§ **Description of the task**
Copy out the listing that follows, exact in every word, and skip the images.

§ **Data for the task**
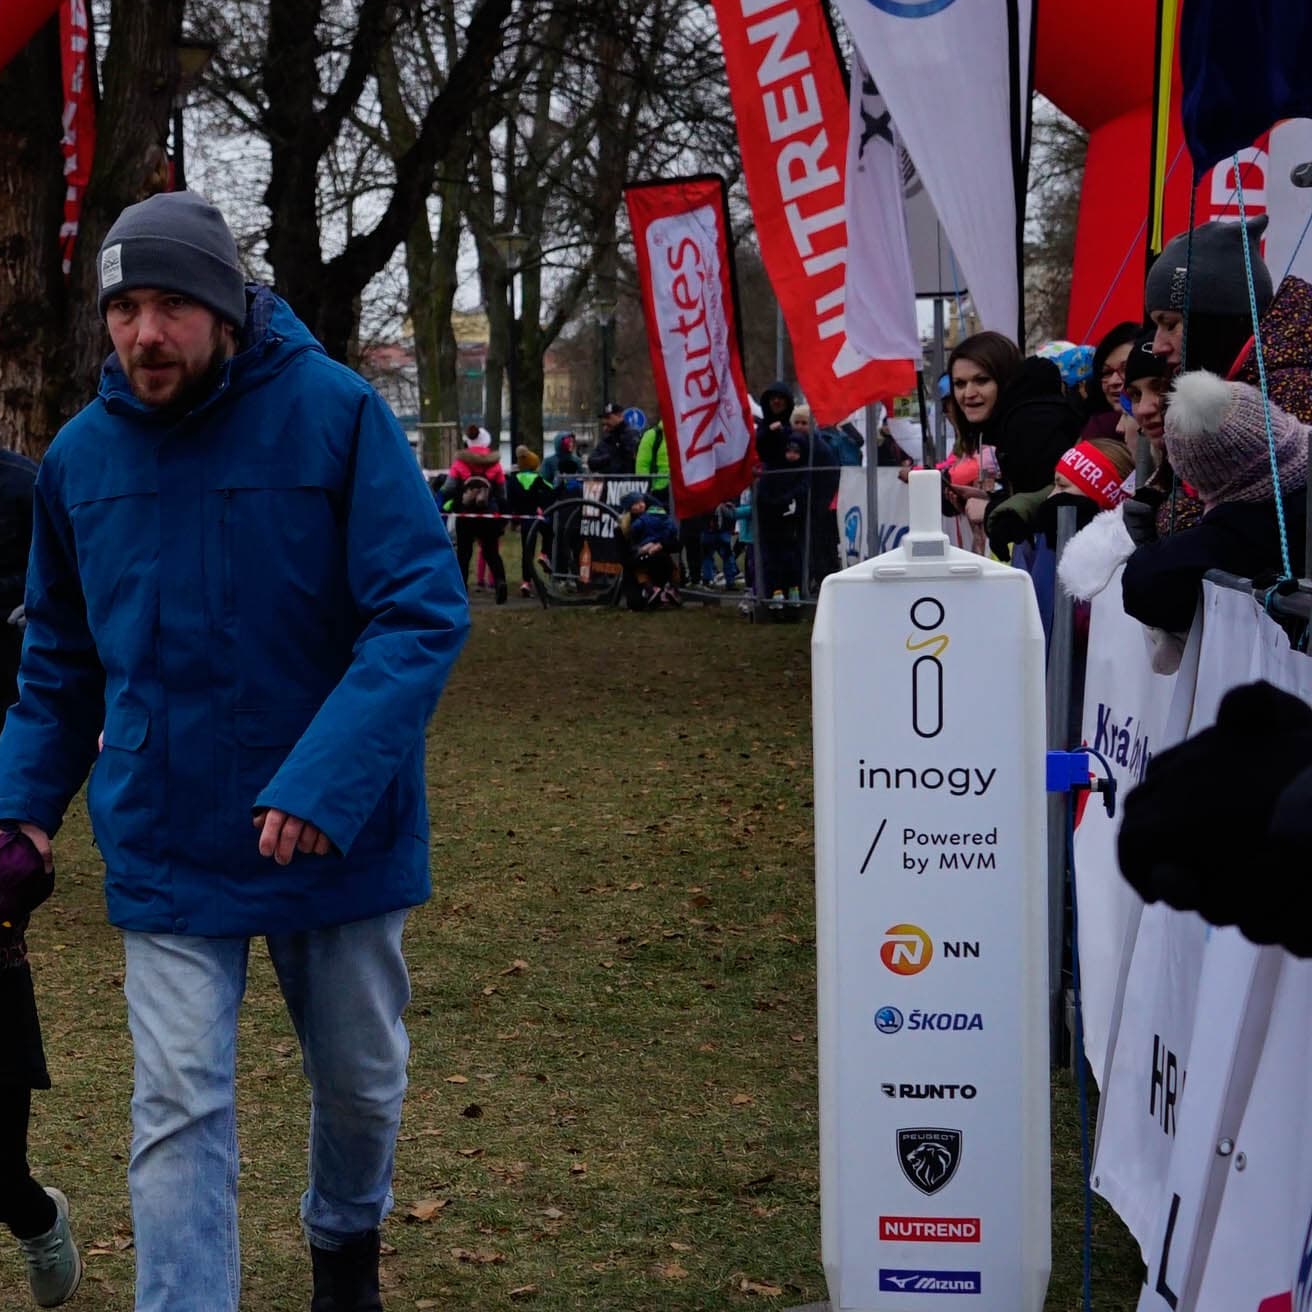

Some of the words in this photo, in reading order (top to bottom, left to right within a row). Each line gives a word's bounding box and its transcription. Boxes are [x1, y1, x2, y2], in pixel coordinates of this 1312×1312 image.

[667, 236, 727, 462] Nartes
[859, 759, 997, 796] innogy
[903, 827, 998, 846] Powered
[903, 851, 929, 874] by
[939, 852, 997, 870] MVM
[943, 941, 980, 958] NN
[907, 1008, 984, 1032] ŠKODA
[899, 1083, 977, 1100] RUNTO
[885, 1220, 977, 1238] NUTREND

§ **Answer to this problem**
Some of the words in this photo, in reading order (top to bottom, left to right within a row). Each line gives a word's bounding box and its transcription. Boxes are [x1, y1, x2, y2], in pixel coordinates of this 1312×1312 image.

[667, 236, 727, 462] Nartes
[859, 759, 997, 796] innogy
[903, 827, 998, 846] Powered
[903, 851, 929, 874] by
[939, 852, 997, 870] MVM
[943, 941, 980, 958] NN
[907, 1008, 984, 1032] ŠKODA
[899, 1083, 977, 1100] RUNTO
[885, 1220, 977, 1238] NUTREND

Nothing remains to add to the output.